Building an Experiment Scorecard

  • Updated

The Experiment Scorecard offers a streamlined approach to comparing experiment variations with respect to business metrics stored in your data warehouse. It makes it easier to link experiments to business outcomes, delivering deeper insights into user behavior and experiment performance.

As an example, let's create new algorithms for personalized content in the Flix streaming app to boost user engagement and increase revenue. To create this example, we use the Flix app and the demo datasets within it. You can also see these examples inside the app.

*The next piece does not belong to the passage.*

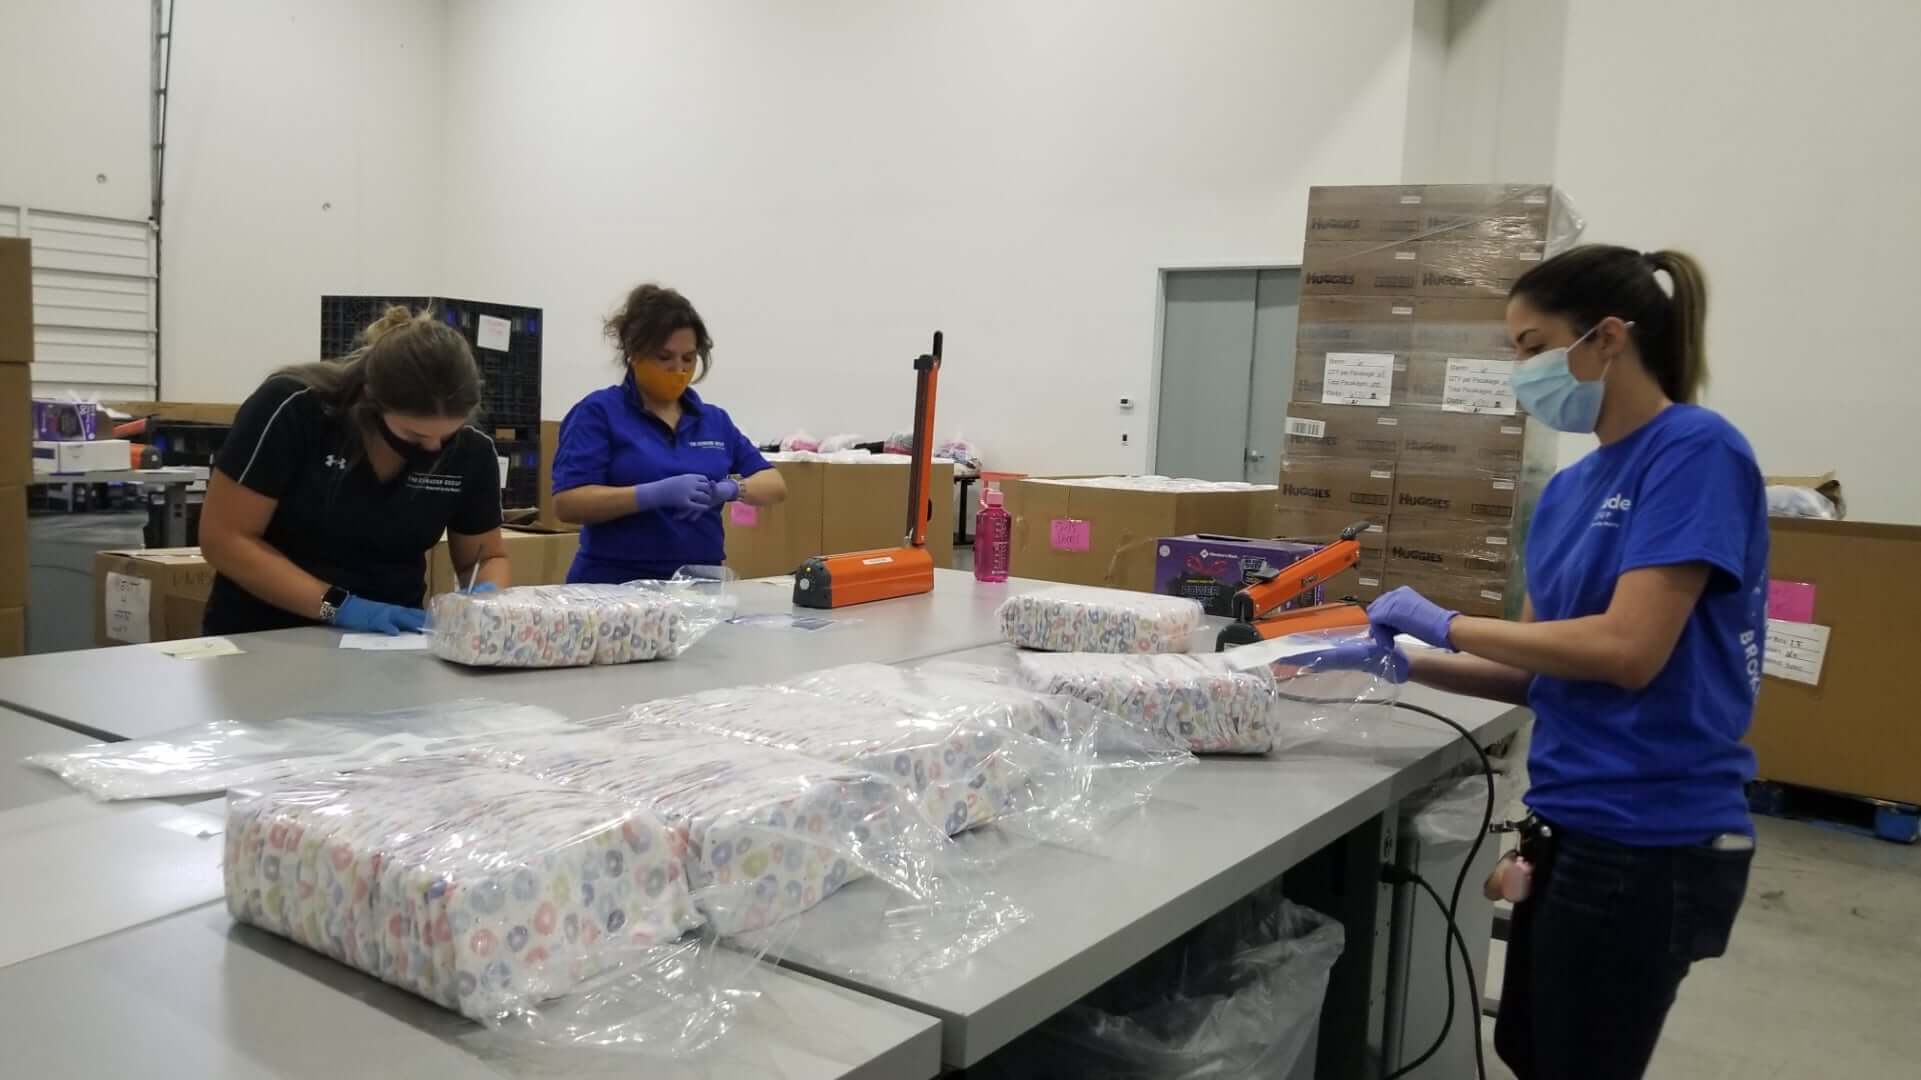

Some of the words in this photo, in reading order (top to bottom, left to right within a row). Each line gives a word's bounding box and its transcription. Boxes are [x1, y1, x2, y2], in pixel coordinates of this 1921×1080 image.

[1306, 273, 1355, 285] HUGGIES
[1282, 483, 1331, 499] HUGGIES
[1399, 493, 1451, 509] HUGGIES
[1392, 546, 1443, 563] HUGGIES
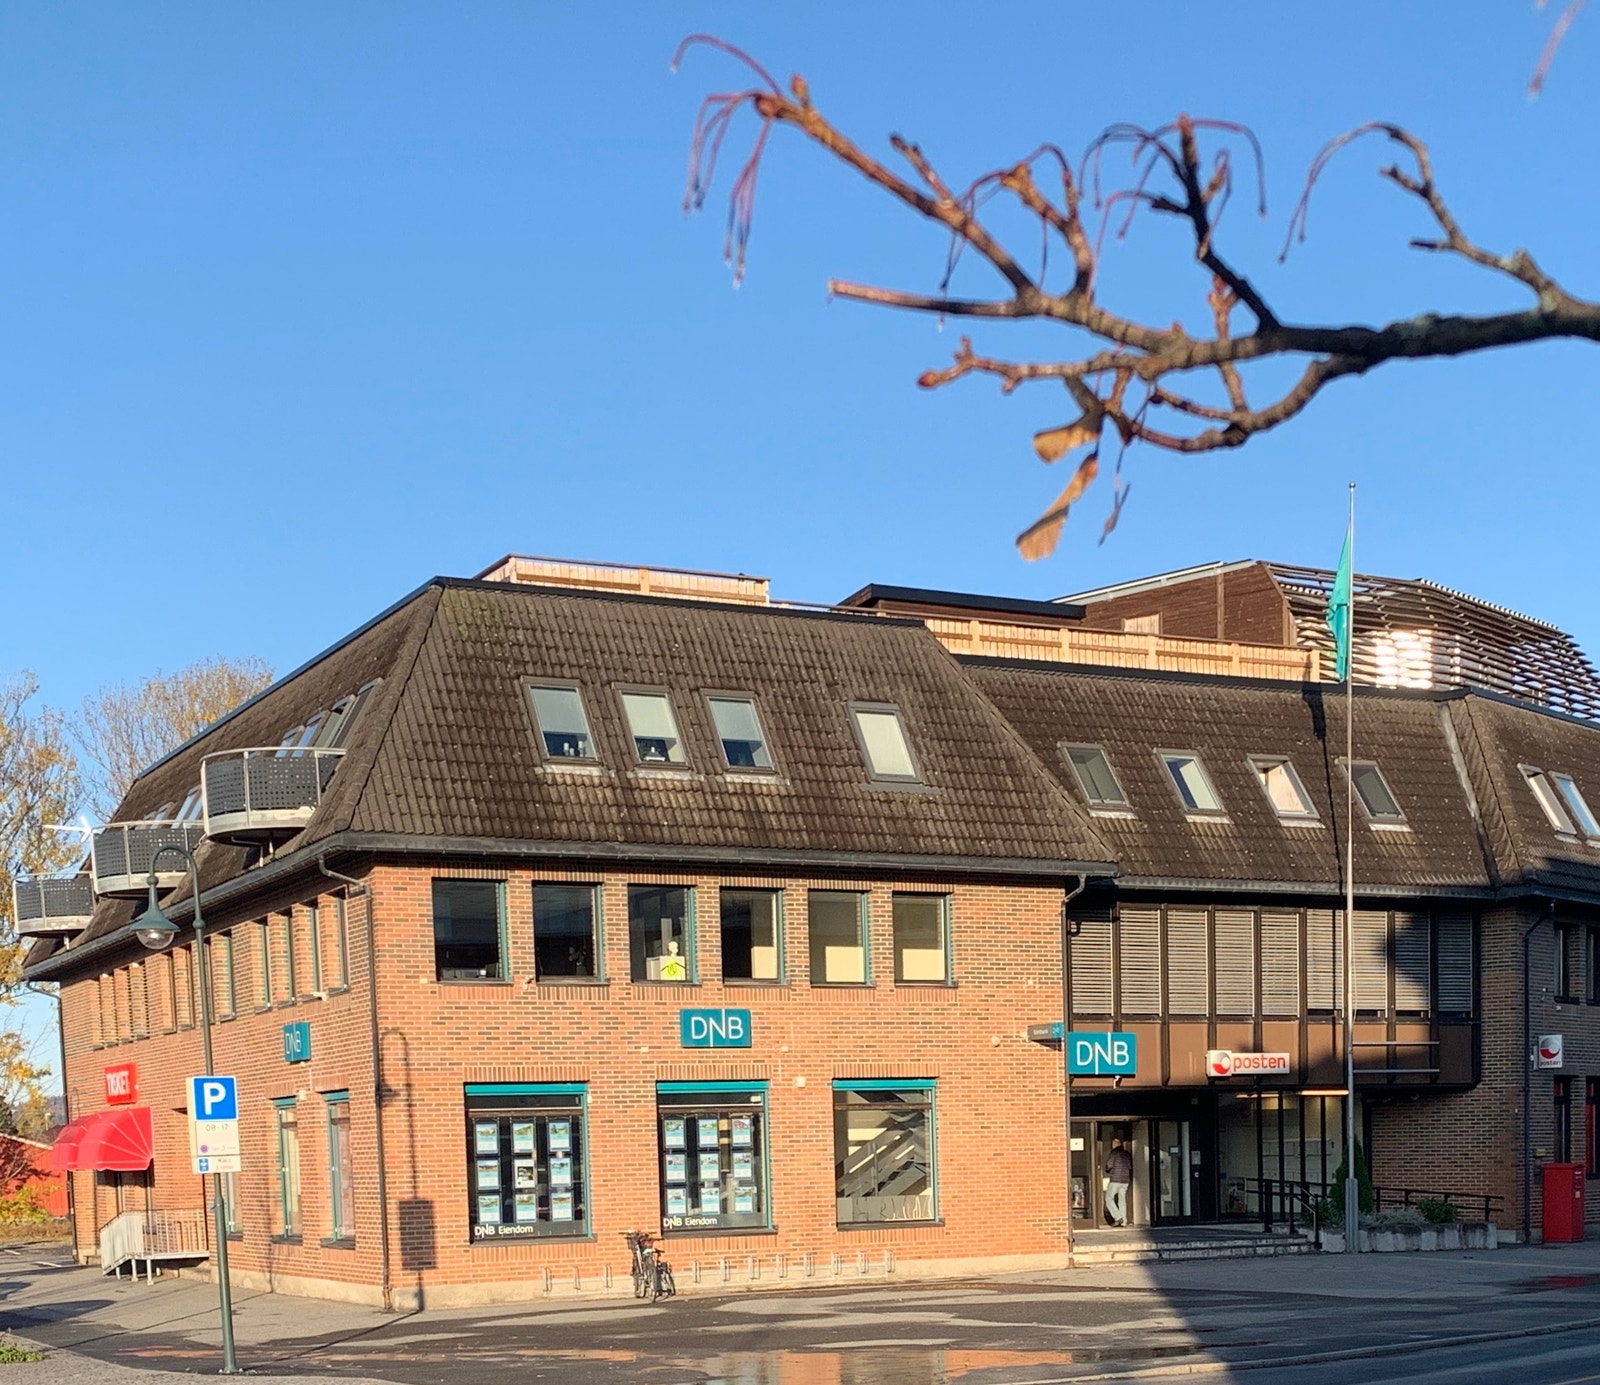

  1. On the left navigation panel, click + and select the Experiment Scorecard template.
  2. On the definition page, select the metric type using the drop-down - here, we select Summary.
  3. Then, choose the preferred Experiment using the selector. This can be an Optimizely Feature or Web experiment. - here, we choose an experiment name. Next, select the dataset - this is the actor dataset that are the users in the experiment, and set the significance threshold - here, we set them to Users and 95% respectively.
exp-scr-1.gif
  1. Then, configure the Decision-making Metric. In this section, you can choose to create a new metric or use a previously created metric. To create a new metric, you have three options - Conversion, Numeric aggregation, and Ratio. If you want to use an already created metric, you can select one from the catalog or add a new block. Learn more about metrics in Experiment Scorecard. For the example, let's configure a Conversion metric. For the Measure Type, choose Conversion Rate and select Play Content as the Event. Select the format for the metric. The format is set to Percentage by default. You can also add Secondary metrics, if required.
exp-scr-2.gif
  1. (Optional) Then, add Guardrail Metrics - these are critical business indicators you closely monitor during experiments. You can choose from three options - Conversion, Numeric aggregation (the options explained in the previous step), or choose an existing Metric, in this section as well. For our example, let's select an existing metric - Total Ad Revenue
  2. Choose a Baseline from the drop-down. The option selected under Baseline is the variant against which other variants should be compared.
exp-scr-3.gif
  1. The time interval is automatically configured to match the experiment's duration when selected, using metadata from Optimizely - here, it is set to Since Sat Feb 12 2022.
  1. On the header, click Run Exploration to run the analysis. The scorecard displays a statistical significance stats table, showing which variation performed better based on the selected metrics.
  2. Give a descriptive name to the analysis and save it.
exp-scr-4.gif